Yunanistan Dışişleri Bakanı Papandreu, hemen ardından Kıbrıs sorununu Avrupa Birliği platformuna taşıyarak kazandığı diplomatik zaferin tadını çıkartıyor:
‘‘Kıbrıs, AB adayları arasında giriş kriterlerini yerine getirmeye en yakın ülkedir. Avrupa'ya giriş her iki cemaat için de daha çok güvenlik, istikrar ve refah anlamına gelecek. Dünyadan tecrit edilmiş yaşayan Türk cemaati en kazançlı çıkan olacak. Avrupa Birliği, bir aday ülkenin diğerinin toprağını zorla işgalini kabul edebilir mi?’’

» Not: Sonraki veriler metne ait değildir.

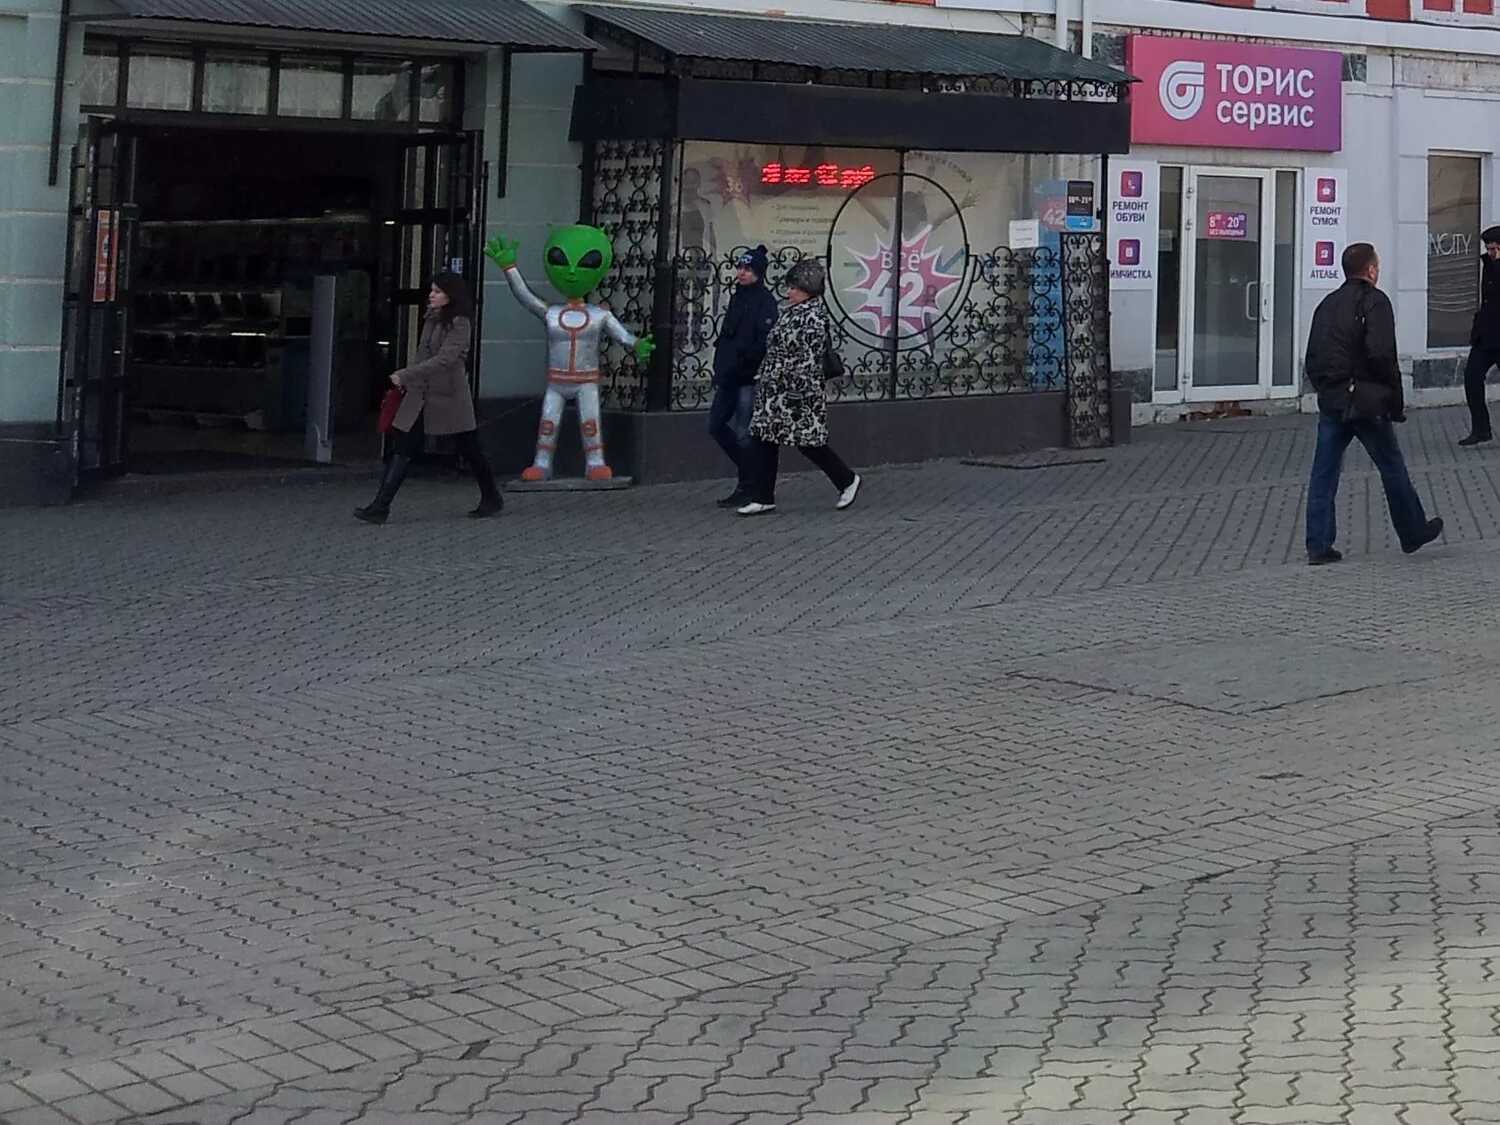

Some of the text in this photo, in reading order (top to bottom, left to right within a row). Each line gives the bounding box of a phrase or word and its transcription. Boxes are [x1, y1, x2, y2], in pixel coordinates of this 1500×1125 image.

Yorgo Papandreu'nun daha Helsinki Zirvesi'nden çıkan öneri ve Türkiye'nin yanıtı belli olmadan kaleme alınan/yayımlanan makalesi Atina'daki politik tartışmanın sona erdiğine işaret sayılabilir... Yunanistan, Türkiye'yi Avrupa'dan uzak tutma politikasından vazgeçip, iki ülke arasındaki sorunları Avrupa zemininde çözümü deneme kararındadır.
* * *
Artık Atina'nın ne istediğini merak etmeyi bırakıp asıl bizim ne istediğimizi bilme zamanı geldi. Terör örgütü PKK da dahil, her türlü parti Türkiye'nin Avrupa Birliği'ne üyeliğini hedeflediğine göre bu konuda sorun yoktur...
Avrupa Kulübü'ne girmek için gerekli yol haritası korkularla değil akıllı politikayla çizilir.
Avrupalı olmak mı istiyoruz?.. Kıbrıs'ı satmamak, Ege'de çıkarlarımızı savunmak mı istiyoruz?.. Hodri meydan... Asıl korkmamız gereken uluslararası tecrittir, savunma hakkına sahip olduğumuz platformlara kavuşmak değil.